Le thème de « la fâcheuse curiosité » est mis en scène, depuis ne serait-ce que Les Métamorphoses d’Ovide[1], au moyen de « la rencontre fortuite et fatale entre la déesse de la Chasse et le petit-fils d’Apollon. De prestigieux ancêtres de l’Histoire de l’Art président à l’innovation garoustienne - si l’on peut employer ce néologisme - : Titien, Rembrandt, Boucher, Böcklin… La toile vierge confie son bonheur de ne pas avoir été lacérée par un Lucio Fontana, brûlée par un Yves Klein, ignorée par les idolâtres de Marcel Duchamp. Puis son attente dans un immense atelier où musique, lumières et masques s’enchantent les uns les autres. Aux côtés des boites de couleurs, en fonction d’une commande, les échanges philosophiques, politiques, théologiques fécondent le geste à venir : « J’ai vécu assez de mois dans l’atelier pour comprendre que ces débats sont nécessaires à son travail, qu’ils en sont l’essence même ». Carnets, esquisses et dessins préparent l’exécution ; là il s’agit de « peindre à l’ancienne ». Cependant l’artiste joue avec les représentations traditionnelles : « Il coupe, cache, hypertrophie, plie, tord, noue, démultiplie les figures, les membres et les corps, se refusant à respecter la moindre convention, organisant toujours un labyrinthe d’interrogations et de mystères ». Etape par étape, avance le récit de la création formelle et colorée : Surprise dans l’onde bleue, Diane, cependant sereine, condamne la sacrilège à être torturé, dévoré par ses propres chiens. Le plus étrange n’est-il pas que l’on puisse reconnaître dans la déesse un peu du portrait de son épouse Elizabeth, voire dans celui d’Actéon un autoportrait au cri…
Toute fière d’elle, la toile achevée relate son voyage capitonné vers la galerie Daniel Templon, à Paris, puis vers la galerie Maeght à Saint-Paul-de-Vence. Enfin elle se sent admirée et ne compte pas son bonheur.
Si la couverture de ce volume ne présente qu’un détail, le rabat s’ouvre sur la reproduction complète du tableau. L’on y mesure le contraste entre le lisse utilisé pour peindre Diane, sur la droite, et le brouillé, qui sur la gauche isole le malheureux Actéon, se métamorphosant en cerf aux bois élancés, dont la chair cruellement se dissout sous les crocs des chiens furieux. Et si ces derniers sont devenus chasseurs du chasseur, sous le commandement de la chaste, froide et lunatique déesse dont la pudeur fut transgressée, il est logique que cette toile soit maintenant exposée à Paris, sur les cimaises du Musée de la Chasse et de la Nature, qui en fit la commande. Elle fait rayonner, dans un décor XVIII°, l’effroi et la beauté, où « chaque jour de visite est un jour de surprise », celle sans cesse renouvelée des énigmes et du sens des grands mythes.

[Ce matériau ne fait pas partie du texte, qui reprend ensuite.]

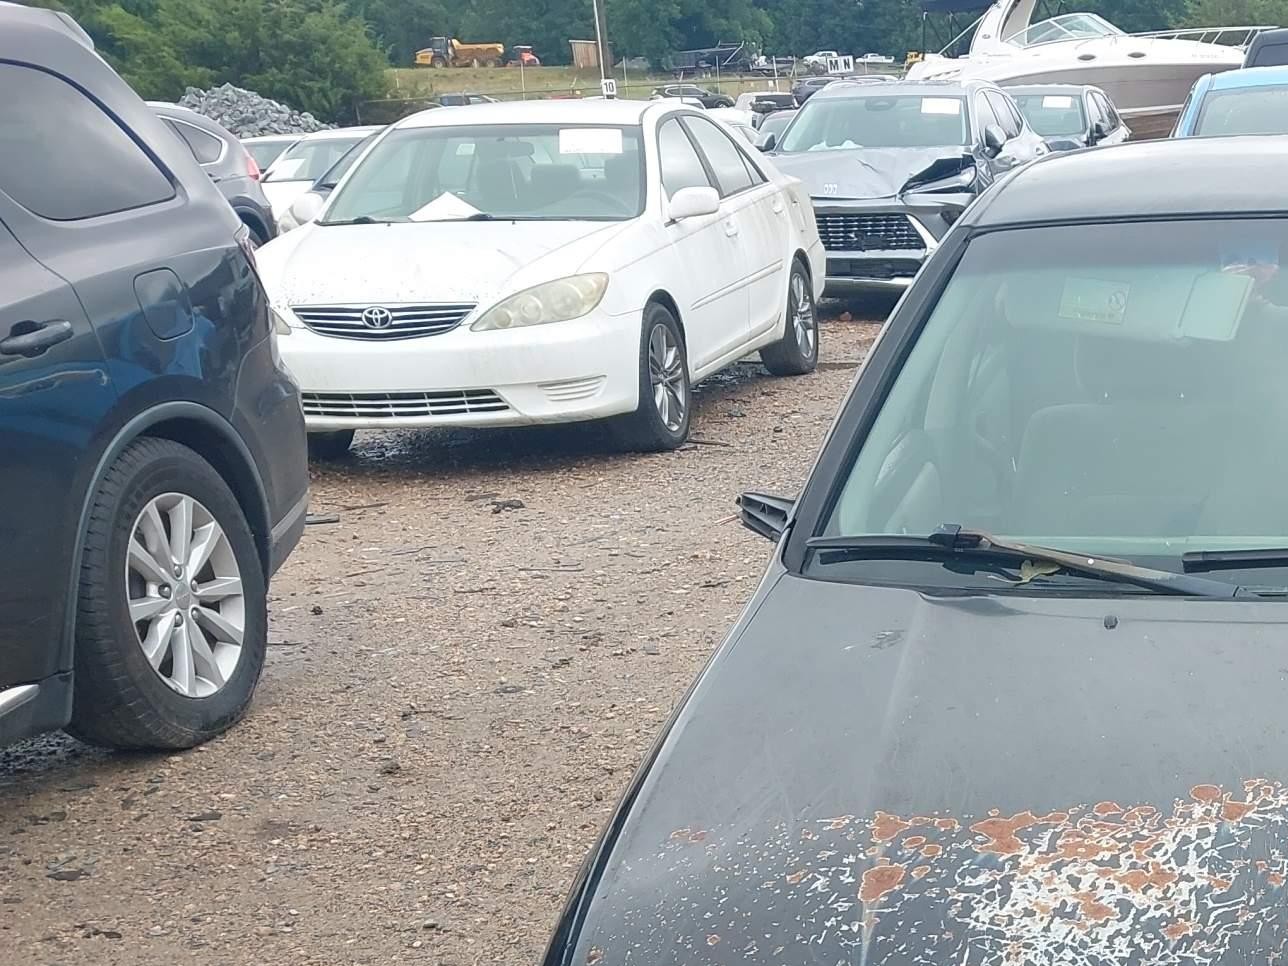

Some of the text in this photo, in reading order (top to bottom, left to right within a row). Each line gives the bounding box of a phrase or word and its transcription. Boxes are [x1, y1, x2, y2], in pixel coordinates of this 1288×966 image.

[829, 58, 851, 71] M N
[604, 81, 614, 93] 10
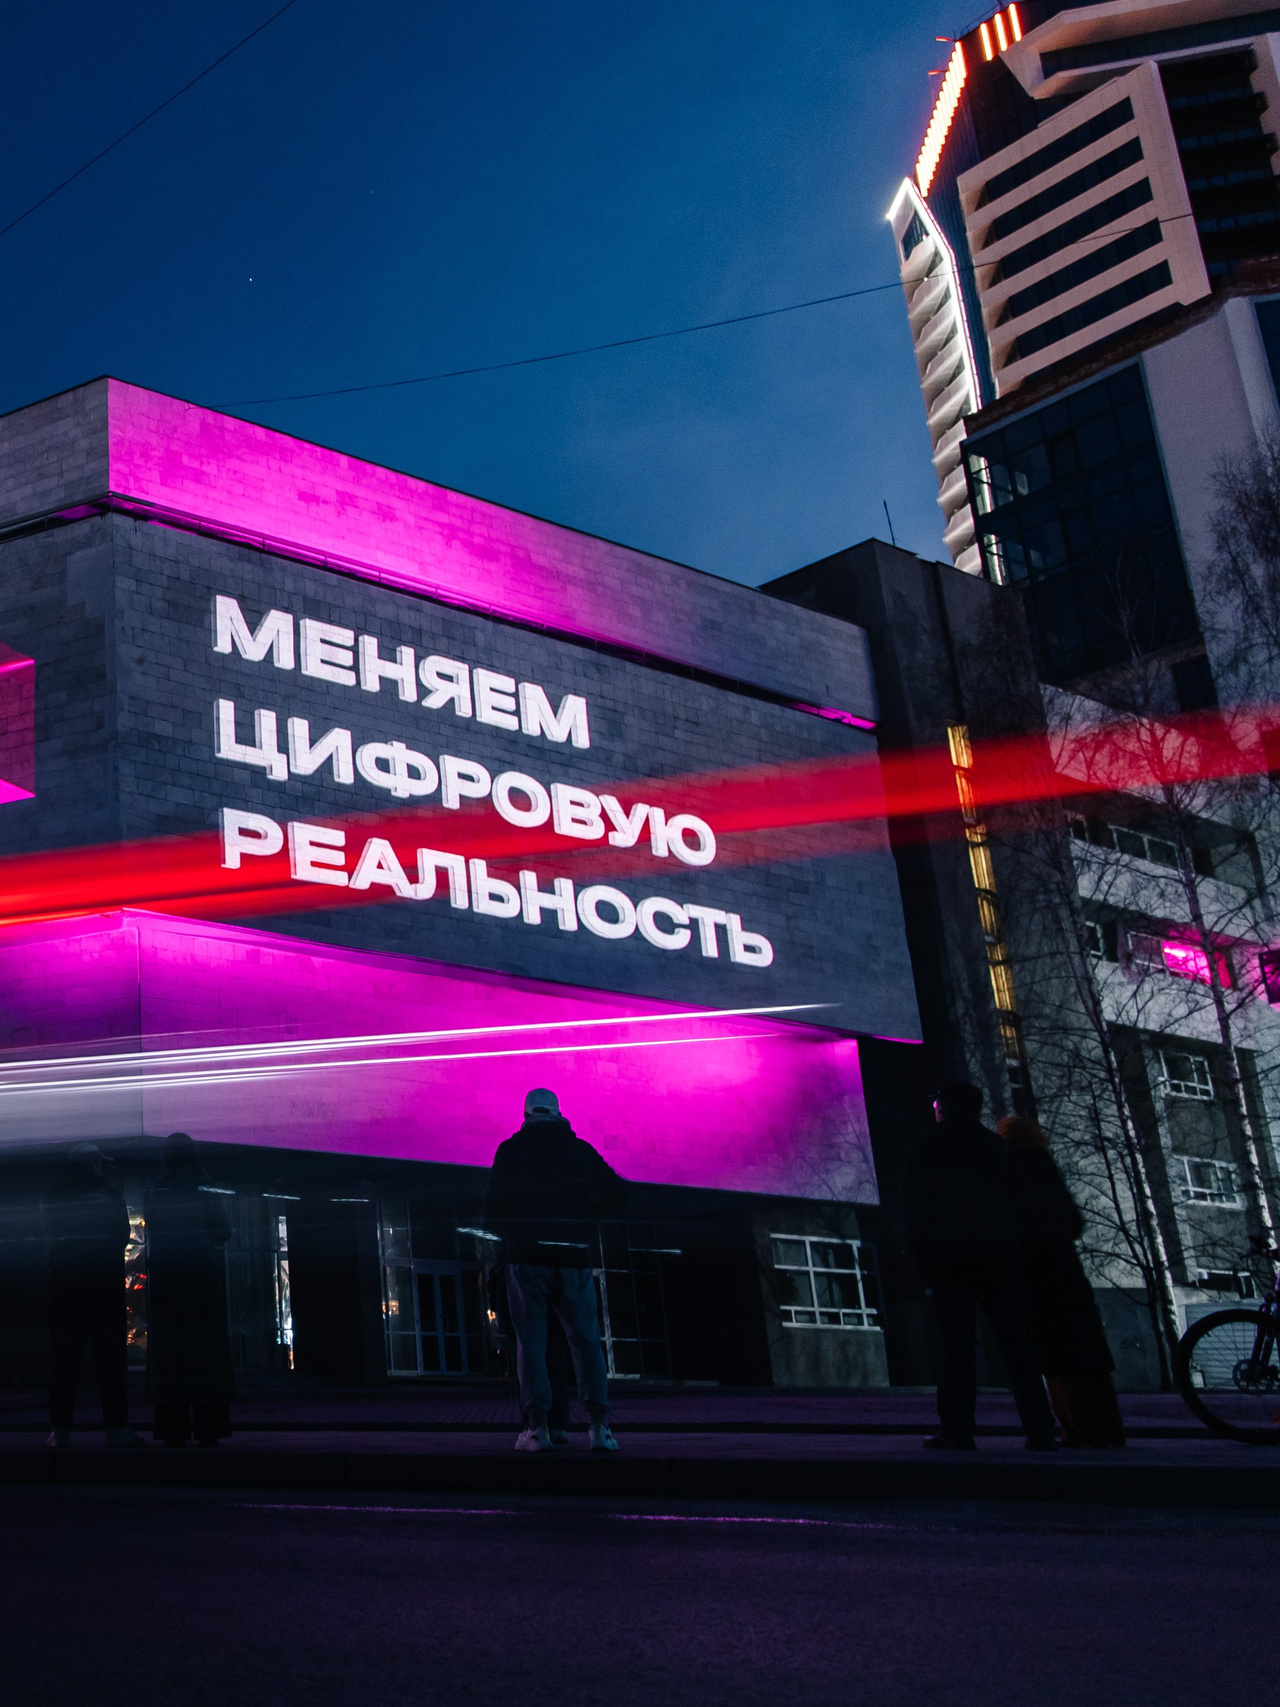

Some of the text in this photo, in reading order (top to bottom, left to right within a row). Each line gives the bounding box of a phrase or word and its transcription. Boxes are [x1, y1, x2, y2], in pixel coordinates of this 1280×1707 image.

[212, 594, 591, 749] МЕНЯЕМ
[215, 698, 718, 867] ЦИФРОВУЮ
[220, 807, 774, 969] РЕАЛЬНОСТЬ

Personnage éminemment baroque, Don Quichotte oscille entre illusion et réalité, pour reprendre le titre d’Alfred Schulzt[2]. Ce serait alors affirmer que la seconde infirme sans recours la première. Cependant, au chevalier à la triste figure, l’illusion est bien plus précieuse et nécessaire. Et si Sancho semble irréductiblement, de sa grosse panse et de son âne, incarner la réalité, il n’est pas sans céder aux visions de son maître, son opposé, son miroir et son double, comme le confirme la tête biface de Janus les unissant sur la couverture imaginée par le peintre Gérard Garouste,
Cette relecture, stimulante, de Don Quichotte ne peut se passer du retour au texte de Cervantès ; surtout s’il est accompagné des images des illustrateurs des XIX° et XX° siècles, Tony Johannot, Gustave Doré, Dubout… Il faudra maintenant compter sur un renouvellement inouï de l’imagerie en 150 gouaches et 126 lettrines aux prestigieuses éditions Diane de Selliers[3]. Car l’œil et le pinceau de Gérard Garouste (né en 1946) ont ce grain de lyrisme et de folie qui font exploser les couleurs au service des facettes du mythe quichottesque.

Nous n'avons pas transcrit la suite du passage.